Input for this task below:
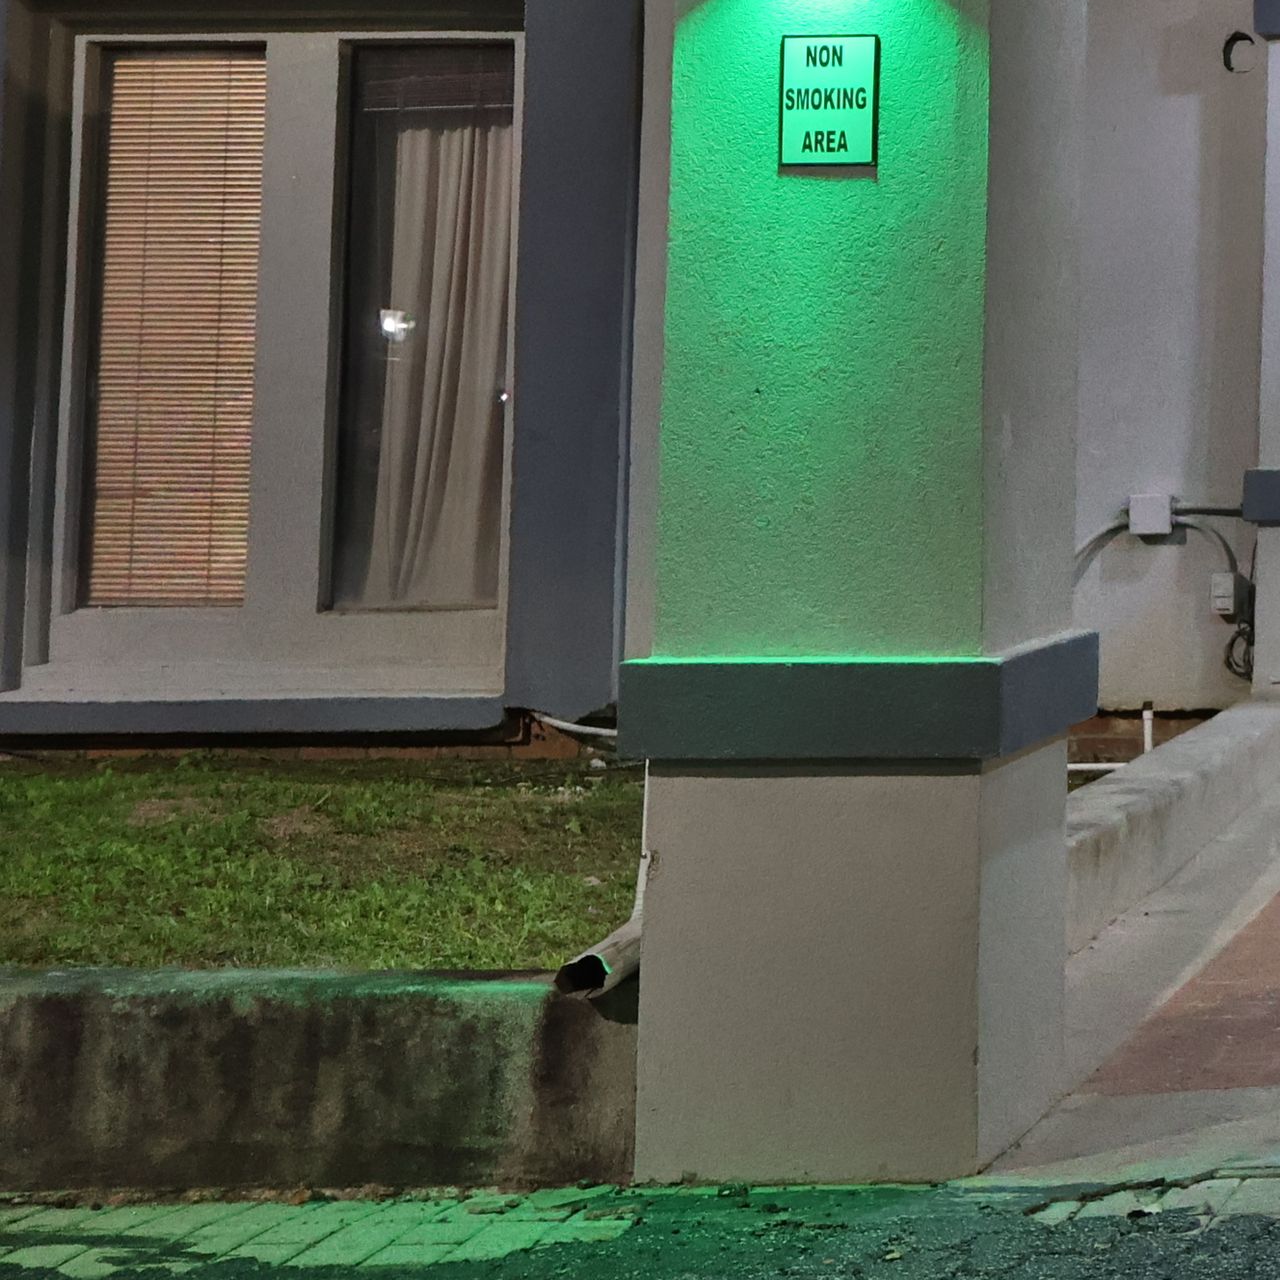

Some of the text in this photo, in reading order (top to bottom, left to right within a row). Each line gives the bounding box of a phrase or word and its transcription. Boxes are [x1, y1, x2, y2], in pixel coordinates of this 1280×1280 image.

[806, 45, 843, 68] NON
[785, 87, 867, 110] SMOKING
[801, 130, 848, 153] AREA
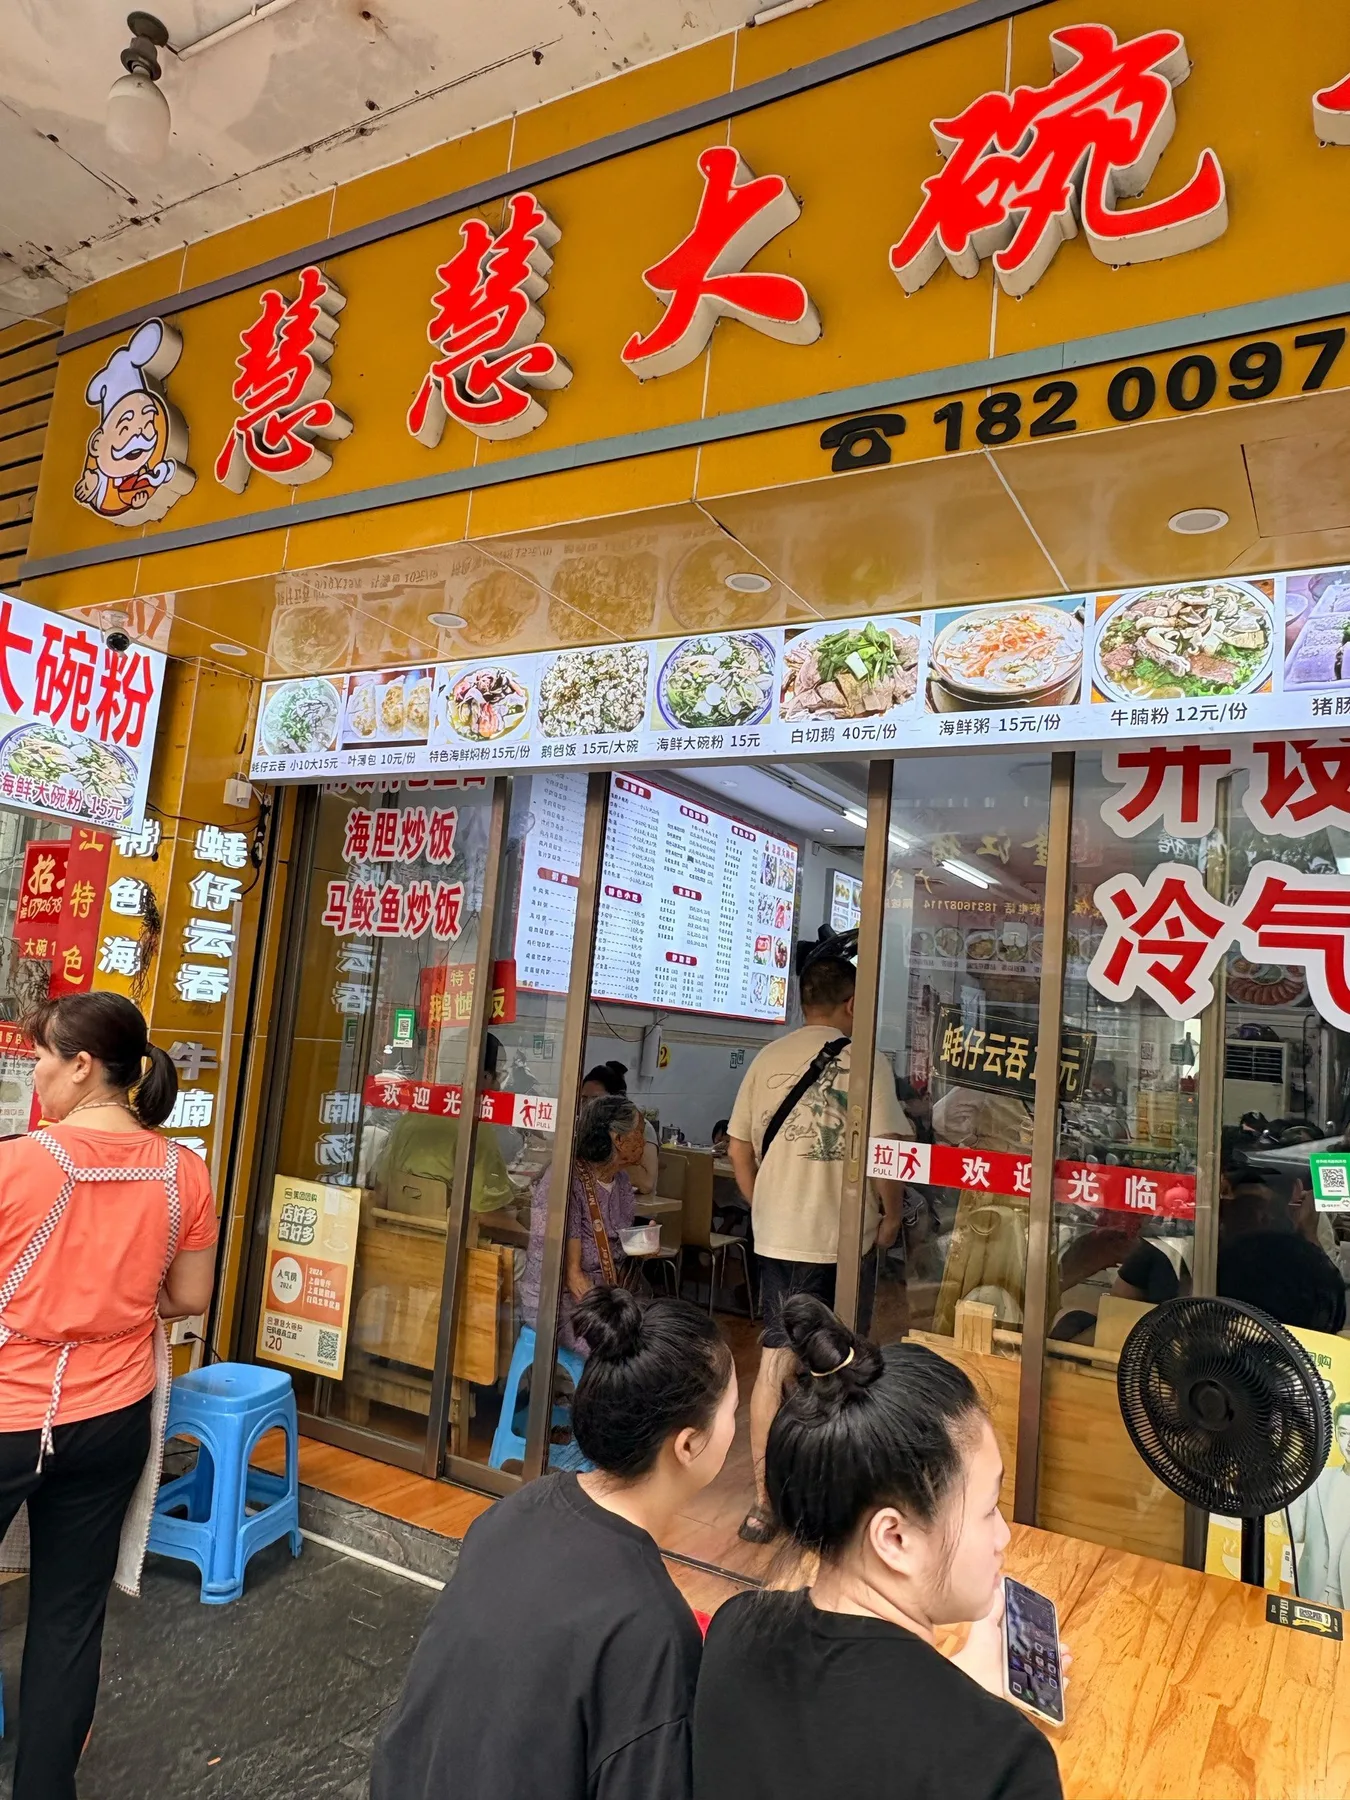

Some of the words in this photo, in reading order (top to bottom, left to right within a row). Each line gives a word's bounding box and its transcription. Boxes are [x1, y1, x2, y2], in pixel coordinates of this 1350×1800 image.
End of Input for this task.
→ Exercise goal: With the pictures removed, print the entries above exactly.

→ Response area:
Some of the text in this photo, in reading order (top to bottom, left to right within a row). Each line gives the bounding box of a phrase or word and its transcription. Boxes are [x1, y1, x2, y2], in pixel coordinates of this 1280×1280 image.

[806, 45, 843, 68] NON
[785, 87, 867, 110] SMOKING
[801, 130, 848, 153] AREA

Some of the words in this photo, in reading order (top to bottom, left to right within a row). Each line gives a word's bounding box and its transcription. Boxes are [x1, y1, x2, y2], in pixel coordinates of this 1350×1800 image.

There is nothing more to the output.